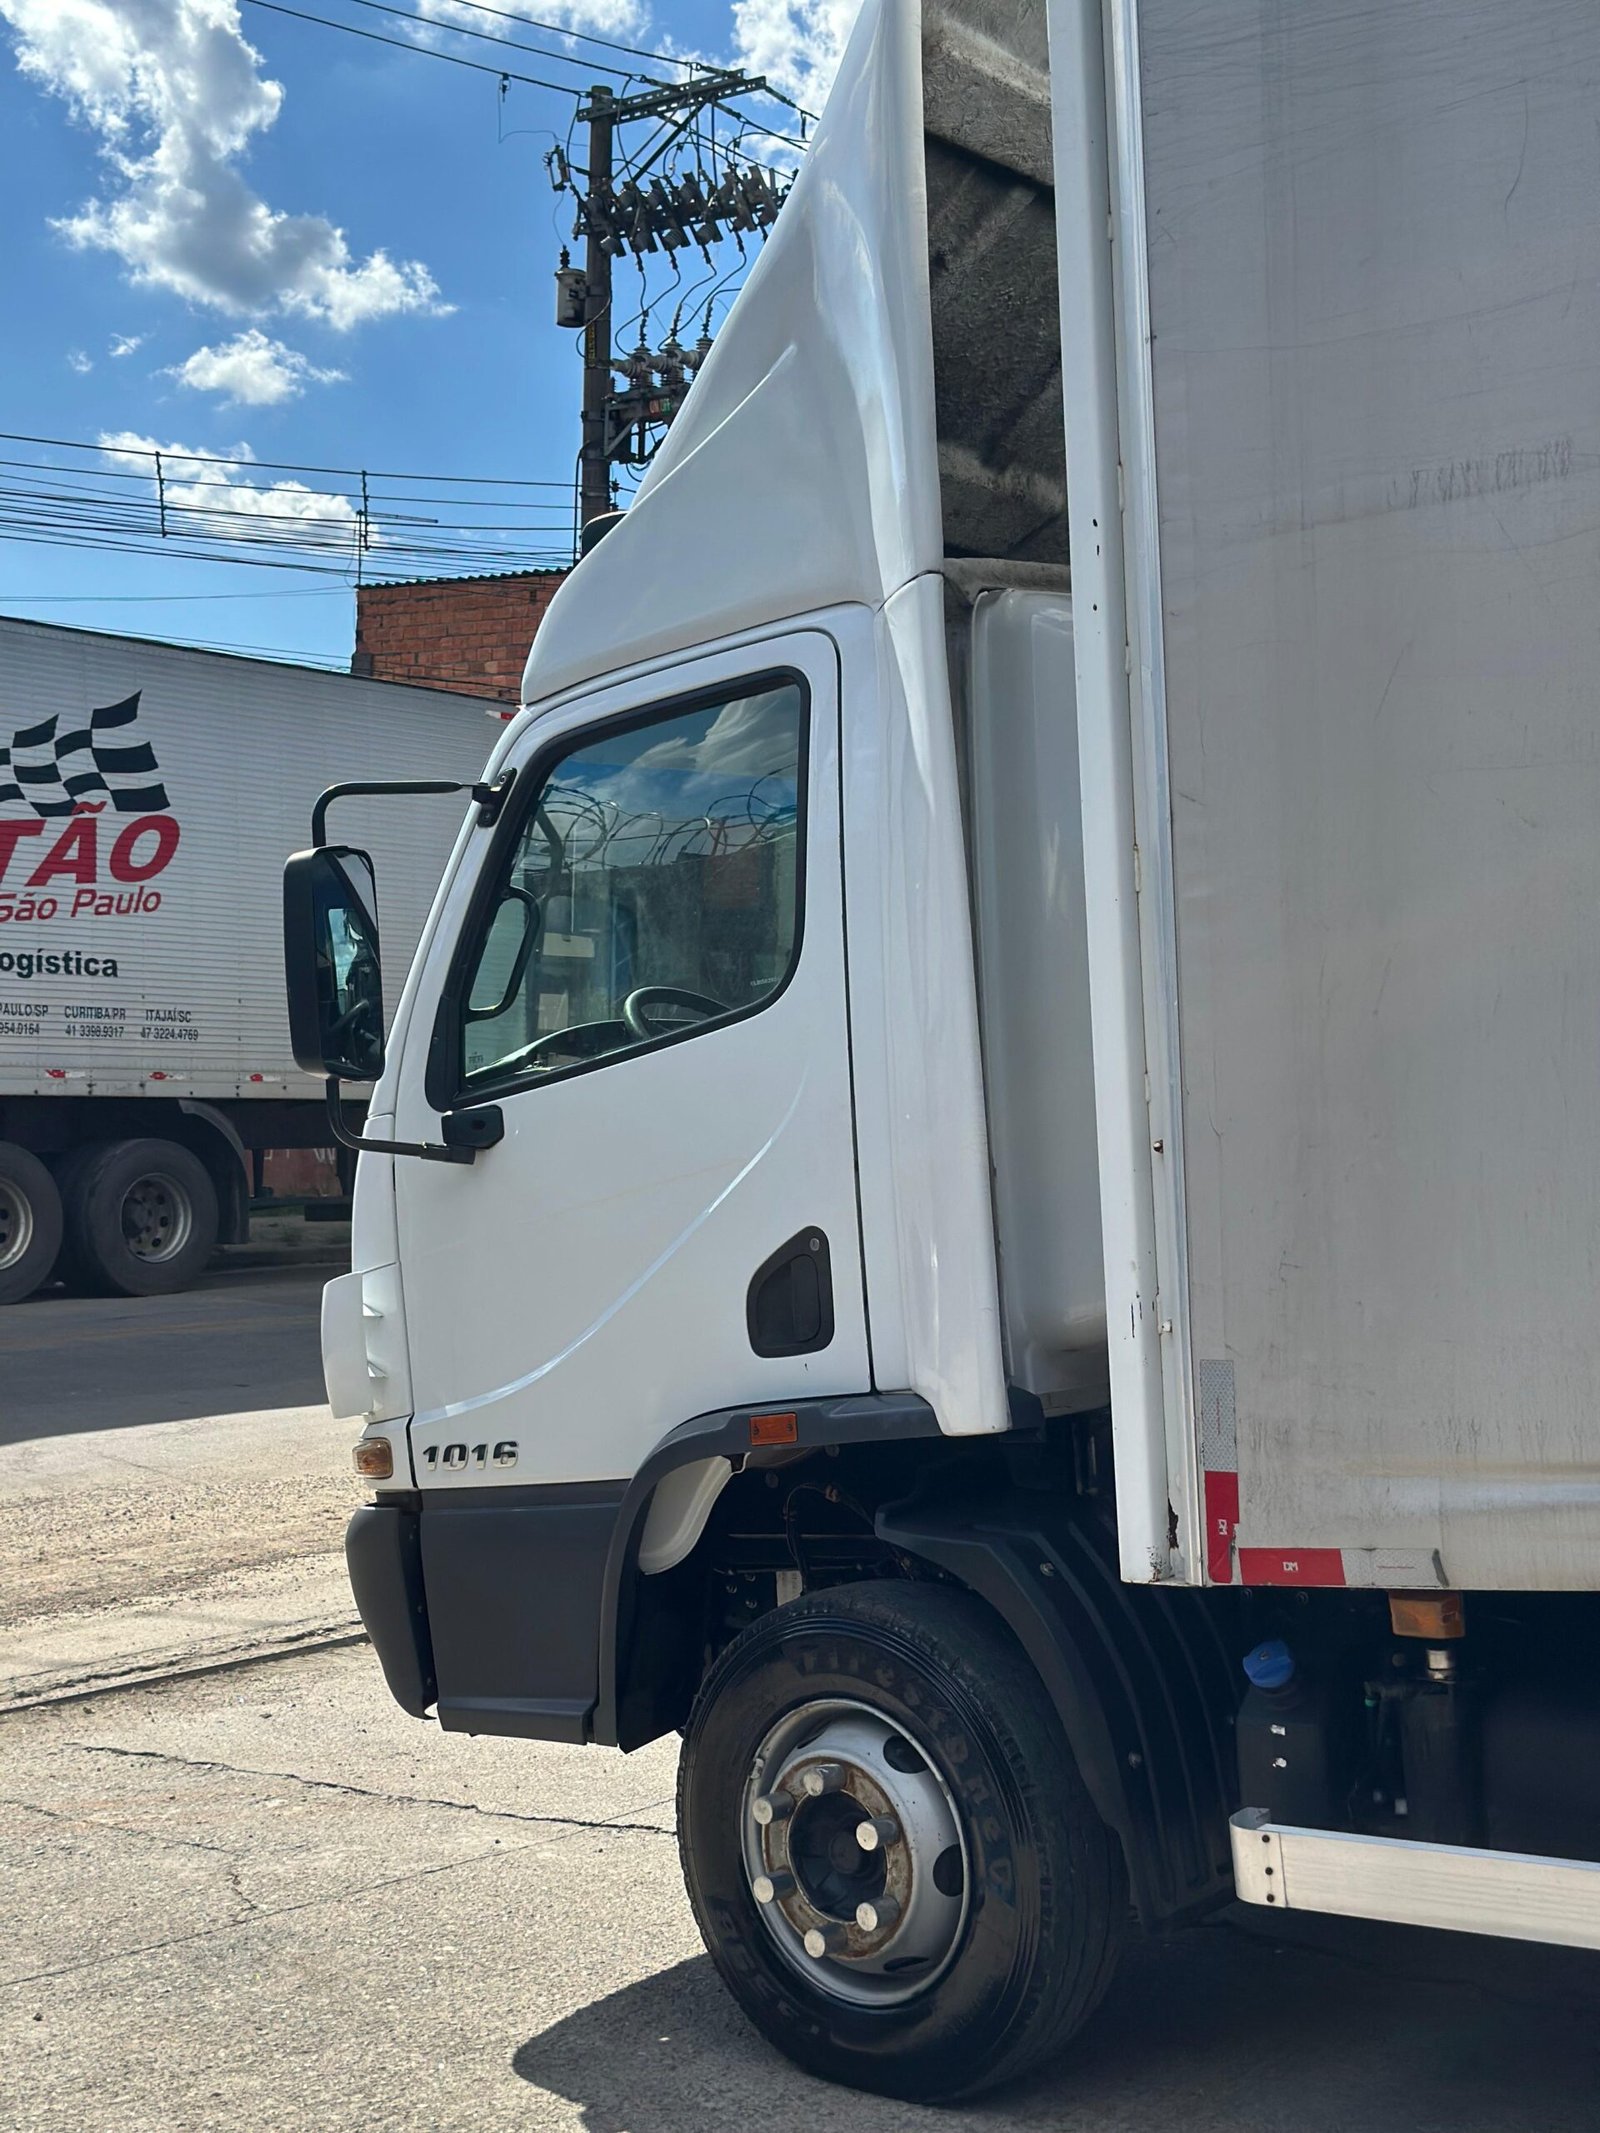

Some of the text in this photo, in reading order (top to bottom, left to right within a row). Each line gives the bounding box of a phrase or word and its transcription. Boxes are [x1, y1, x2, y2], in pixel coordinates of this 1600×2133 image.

[0, 886, 161, 922] São Paulo
[0, 948, 118, 978] ogística
[65, 1024, 76, 1036] 41
[422, 1441, 519, 1471] 1016

------------------------------------------------------------------------

Give back the whole listing exactly as it stands. Drop every picture.

Some of the text in this photo, in reading order (top to bottom, left to right within a row). Each line gives the bounding box of a phrase or word and its transcription. Boxes are [x1, y1, x2, y2], in pixel coordinates of this 1600×2133 image.

[0, 886, 161, 922] São Paulo
[0, 948, 118, 978] ogística
[65, 1024, 76, 1036] 41
[422, 1441, 519, 1471] 1016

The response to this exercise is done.